3. Se pose au préalable la question du droit applicable.
3.1 En l'absence d'une réglementation expresse contraire, le droit applicable à la taxation est celui en vigueur pendant la période fiscale en cause. Le rappel d’impôt relevant du droit matériel, le droit applicable obéit aux mêmes règles (ATF 140 I 68 ; arrêt du Tribunal fédéral 9C_715/2022 du 19 juillet 2023 consid. 5).
3.2 En l'espèce, le litige porte sur les rappels d'impôts ICC et IFD pour les périodes 2010 et 2011 ainsi que sur les taxations IFD et ICC pour les années fiscales 2010 à 2013. La cause est ainsi régie par le droit en vigueur durant ces périodes, à savoir, s'agissant de l'IFD, par les dispositions de la LIFD et, pour ce qui est de l'ICC, par celles de la loi sur l'imposition des personnes morales du 23 septembre 1994 (LIPM - D 3 15), de la loi fédérale sur l’harmonisation des impôts directs des cantons et des communes du 14 décembre 1990 (LHID - RS 642.14) et de la LPFisc.
3.3 La question à trancher dans le cadre du recours étant traitée de la même manière en droit fédéral et en droit cantonal harmonisé, le présent arrêt traite simultanément des deux impôts, comme l'admet la jurisprudence (ATF 135 II 260 consid. 1.3.1 ; arrêt du Tribunal fédéral 2C_662/2014 du 25 avril 2015 consid. 1).
4. Se pose également la question de la prescription et de la péremption, même si la recourante ne soutient plus que le droit de procéder à la taxation de la période fiscale 2013 serait prescrit.
4.1 La prescription ou la péremption sont des questions de droit matériel que la chambre administrative examine d'office (ATF 138 II 169 consid. 3.2) tant pour l'IFD que les ICC, lorsque celles-ci se fondent sur le droit fédéral (ATF 138 II 169 consid. 3.4 ; arrêt du Tribunal fédéral 2C_41/2020 du 24 juin 2020 consid. 4 ; ATA/182/2024 du 6 février 2024 consid. 5.1 et les arrêts cités).

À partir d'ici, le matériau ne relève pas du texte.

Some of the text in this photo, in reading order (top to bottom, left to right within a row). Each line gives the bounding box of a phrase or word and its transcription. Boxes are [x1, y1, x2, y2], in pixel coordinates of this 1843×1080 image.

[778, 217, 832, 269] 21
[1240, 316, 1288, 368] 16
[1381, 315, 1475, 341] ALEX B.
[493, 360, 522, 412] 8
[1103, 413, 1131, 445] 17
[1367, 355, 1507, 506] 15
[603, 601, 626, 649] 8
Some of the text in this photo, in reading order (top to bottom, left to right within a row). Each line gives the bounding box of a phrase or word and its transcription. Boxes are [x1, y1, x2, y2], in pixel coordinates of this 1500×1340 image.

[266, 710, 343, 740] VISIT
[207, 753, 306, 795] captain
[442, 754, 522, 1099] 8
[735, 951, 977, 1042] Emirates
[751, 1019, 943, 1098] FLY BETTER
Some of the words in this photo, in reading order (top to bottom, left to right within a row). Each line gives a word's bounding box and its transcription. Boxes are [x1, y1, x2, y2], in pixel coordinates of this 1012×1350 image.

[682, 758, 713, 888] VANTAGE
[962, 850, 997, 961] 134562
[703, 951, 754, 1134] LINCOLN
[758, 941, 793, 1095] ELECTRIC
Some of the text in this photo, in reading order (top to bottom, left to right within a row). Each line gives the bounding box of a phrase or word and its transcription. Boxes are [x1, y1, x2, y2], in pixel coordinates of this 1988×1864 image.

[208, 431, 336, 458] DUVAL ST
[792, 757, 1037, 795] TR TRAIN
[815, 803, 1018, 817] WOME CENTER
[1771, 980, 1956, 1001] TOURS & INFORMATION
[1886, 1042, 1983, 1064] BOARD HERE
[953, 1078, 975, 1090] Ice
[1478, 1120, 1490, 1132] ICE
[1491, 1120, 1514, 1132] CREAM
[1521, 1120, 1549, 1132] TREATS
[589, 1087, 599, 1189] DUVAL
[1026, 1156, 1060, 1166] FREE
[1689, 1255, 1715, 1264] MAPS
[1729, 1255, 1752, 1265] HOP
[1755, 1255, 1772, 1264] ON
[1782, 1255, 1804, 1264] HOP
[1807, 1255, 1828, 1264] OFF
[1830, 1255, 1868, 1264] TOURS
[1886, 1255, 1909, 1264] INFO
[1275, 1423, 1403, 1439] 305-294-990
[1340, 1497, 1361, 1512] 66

4.2 L'art. 152 al. 1 LIFD prévoit que le droit d'introduire une procédure de rappel d'impôt s'éteint dix ans après la fin de la période fiscale pour laquelle la taxation n'a pas été effectuée, alors qu'elle aurait dû l'être, ou pour laquelle la taxation entrée en force était incomplète. Le droit de procéder au rappel d'impôt s'éteint quinze ans après la fin de la période fiscale à laquelle il se rapporte (art. 152 al. 3 LIFD ; ATF 140 I 68 consid. 6.1). Les art. 61 al. 1 et 3 LPFisc et 53 al. 2 et 3 LHID posent les mêmes principes. La problématique peut donc être examinée conjointement pour l'IFD et l’ICC (ATA/761/2023 du 11 juillet 2023 consid. 4.1, confirmé par l'arrêt du Tribunal fédéral 9C_578/2023 du 27 novembre 2023).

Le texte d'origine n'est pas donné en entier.